§ PROBLEM DETAILS
Would you transcribe the listing that follows word for word, skipping pictures?

§ EXCERPTED RECORDS
= = = = = = =

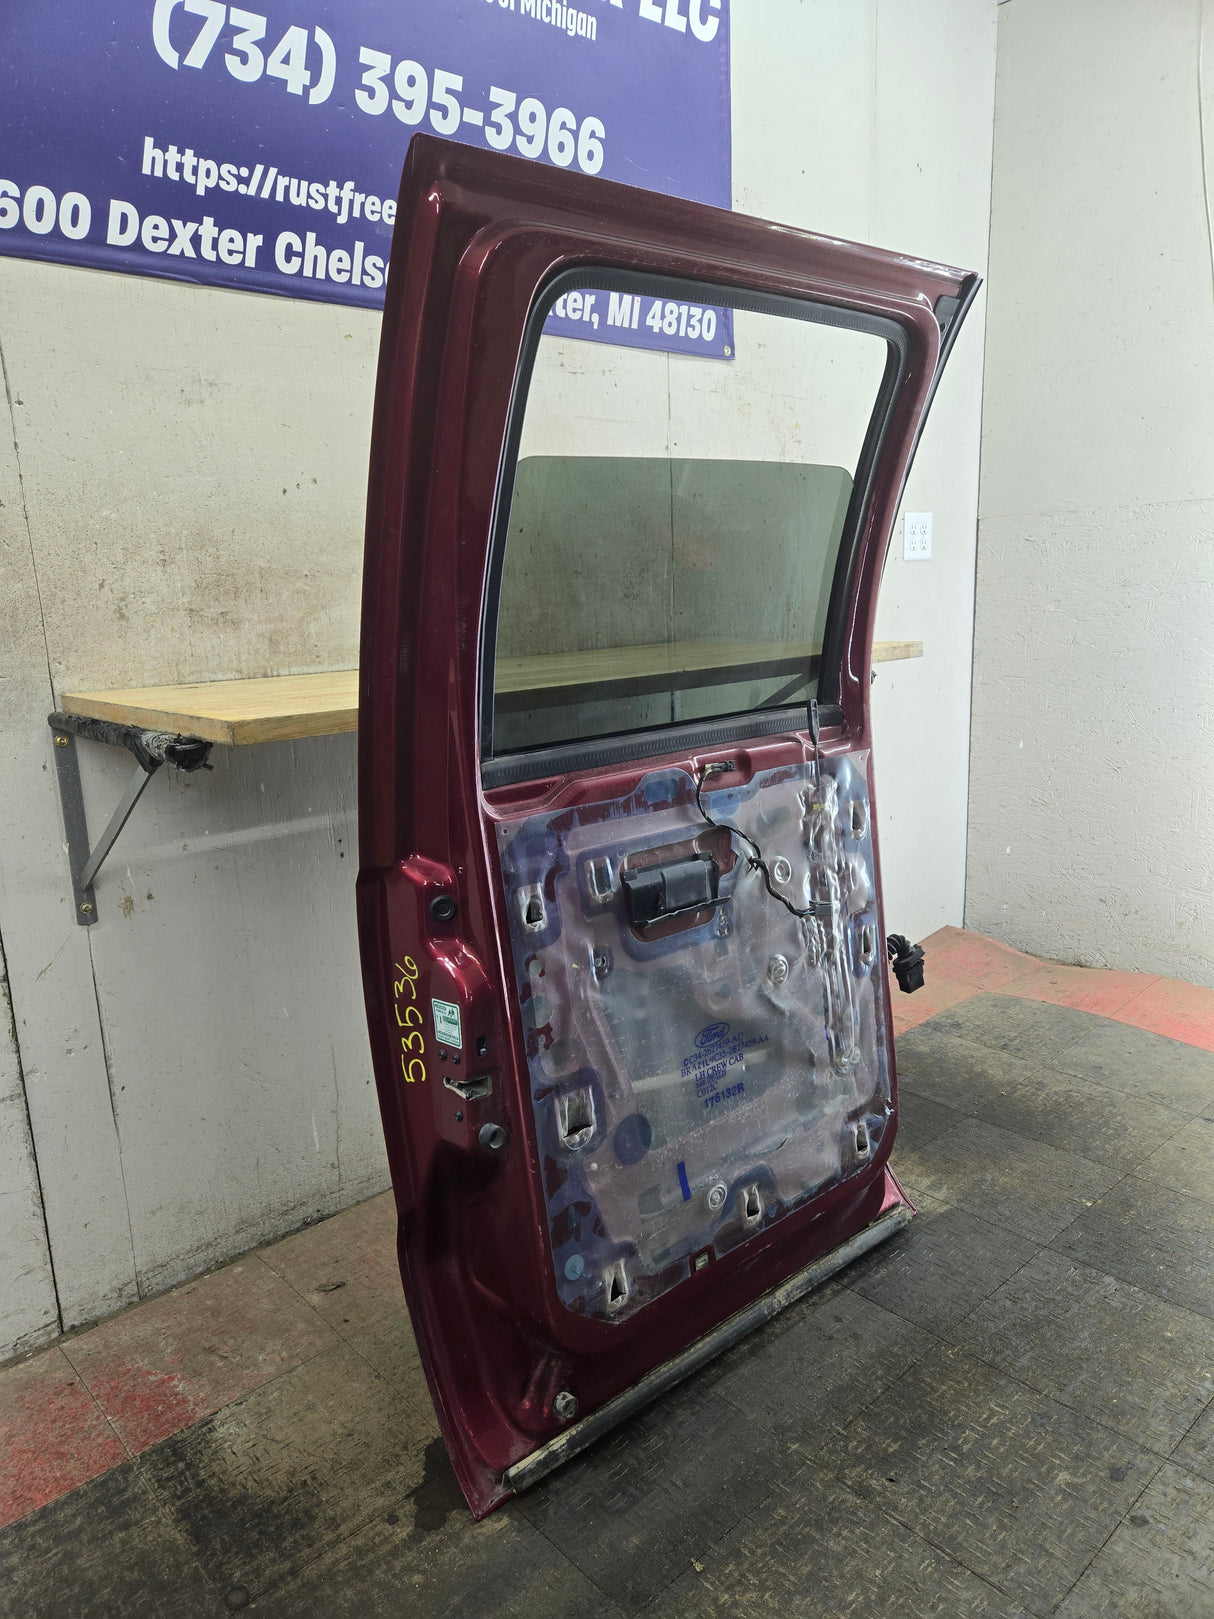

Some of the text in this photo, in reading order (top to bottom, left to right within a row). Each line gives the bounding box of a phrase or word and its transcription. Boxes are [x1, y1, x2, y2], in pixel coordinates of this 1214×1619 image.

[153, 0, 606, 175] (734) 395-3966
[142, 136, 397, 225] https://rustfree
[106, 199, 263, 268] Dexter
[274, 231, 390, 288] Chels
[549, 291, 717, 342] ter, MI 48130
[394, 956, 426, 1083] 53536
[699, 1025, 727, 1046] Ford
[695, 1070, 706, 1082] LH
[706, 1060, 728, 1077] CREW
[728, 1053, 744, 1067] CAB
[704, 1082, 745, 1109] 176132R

= = = = = = =

§ ANSWER SPACE
Some of the text in this photo, in reading order (top to bottom, left to right within a row). Each line gives the bounding box of a phrase or word and its transcription. Boxes are [x1, y1, x2, y2], in pixel coordinates of this 1214×1619 image.

[153, 0, 606, 175] (734) 395-3966
[142, 136, 397, 225] https://rustfree
[106, 199, 263, 268] Dexter
[274, 231, 390, 288] Chels
[549, 291, 717, 342] ter, MI 48130
[394, 956, 426, 1083] 53536
[699, 1025, 727, 1046] Ford
[695, 1070, 706, 1082] LH
[706, 1060, 728, 1077] CREW
[728, 1053, 744, 1067] CAB
[704, 1082, 745, 1109] 176132R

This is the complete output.